Baton Bunny

Film Review by Dean Duncan May 31, 2015

This is a fun one, quite distinct from WB’s various familiar formulae. Bugs is developing the old Leopold (Stokowski) stuff, one of the elaborations of which is that he’s also the Giovanni Jones character—powerful and put upon both. Very healthy. We talk endlessly about an antagonism, which certainly exists. But in so many ways, and for so long, pop culture is not really grappling with the classical. Why, how wouldn’t you be grateful for both? They certainly can and do co-exist peacefully, as with this piece.

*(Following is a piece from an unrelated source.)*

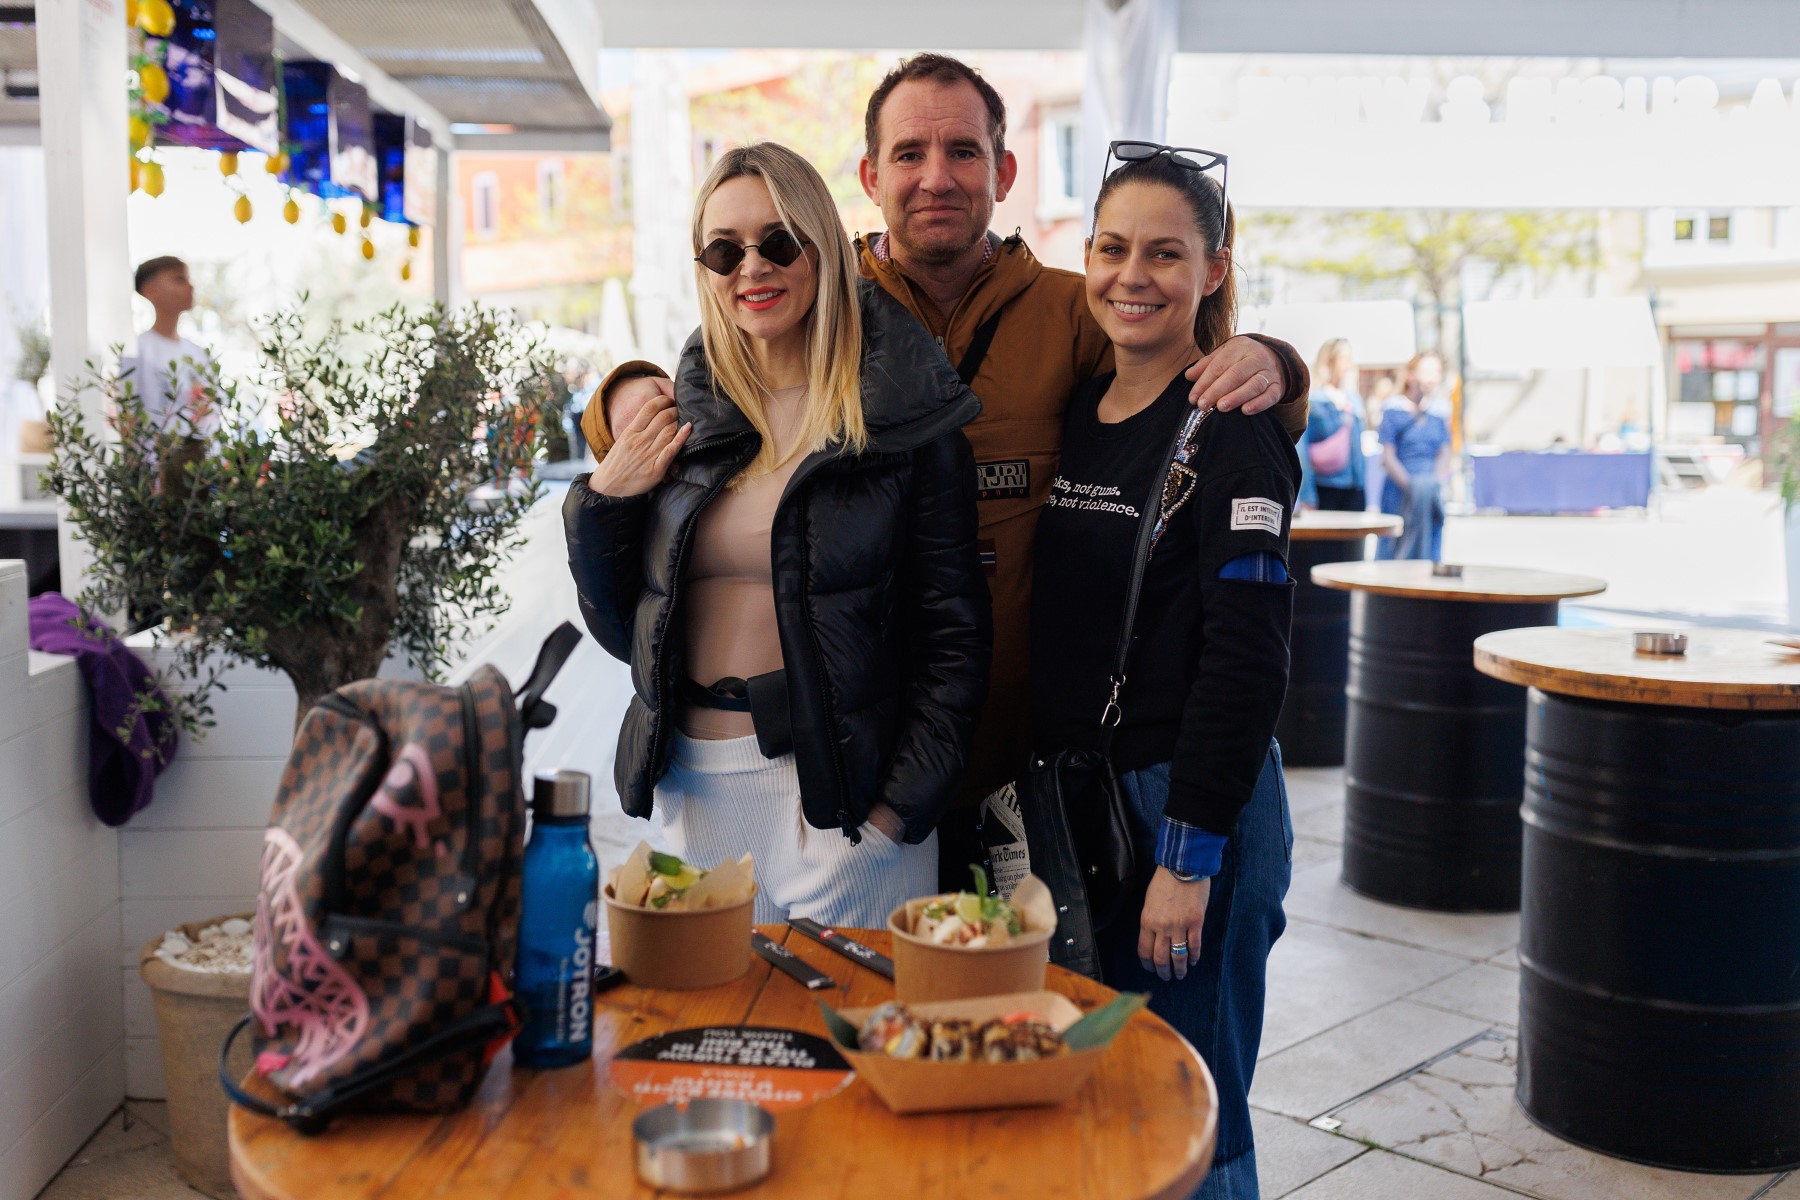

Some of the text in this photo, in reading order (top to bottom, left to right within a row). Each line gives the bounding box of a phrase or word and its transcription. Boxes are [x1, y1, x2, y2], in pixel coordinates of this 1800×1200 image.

Bugs’ conductor’s batons are stored like pool cues, and he chalks the one he picks. The orchestra readies in a very nice montage that doesn’t have any hands or people or anything. The object suggests its operator. Synecdoche, right? The animation follows the lead of Von Suppé’s composition. These cartoons are sometimes on the brink of having the music come first anyway. This particular one pushes that right through, and instructively inverts the usual hierarchy.

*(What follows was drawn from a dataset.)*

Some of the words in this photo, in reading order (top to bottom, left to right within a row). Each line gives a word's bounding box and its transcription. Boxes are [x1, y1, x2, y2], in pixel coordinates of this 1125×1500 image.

Bug’s fly swatting causes the orchestra to increase tempos and play the wrong music (echoes of Disney’s The Band Concert, of course). A vaudevillian gag, isn’t it? It’s a very simple concept, and effective if effected with any skill or affection at all. As here. At this point Baton Bunny proceeds to demonstrate some of the conventions of silent film music, and early sound-musical Mickey Mousing. We also get musical typage, and associative quotes (as in the war sequence). That’s kind of professorly, probably, but this stuff is interesting! It’s its own kind of fun to concentrate, or chase things down.

Bugs has sabotaged his own performance by letting that fly get to him. In the end, the fly’s the only one left in the concert hall. It’s a pretty good cadence, structurally speaking. But unlike the crickets that chirp after Daffy Duck lays an egg in Show Biz Bugs, it doesn’t actually make much sense.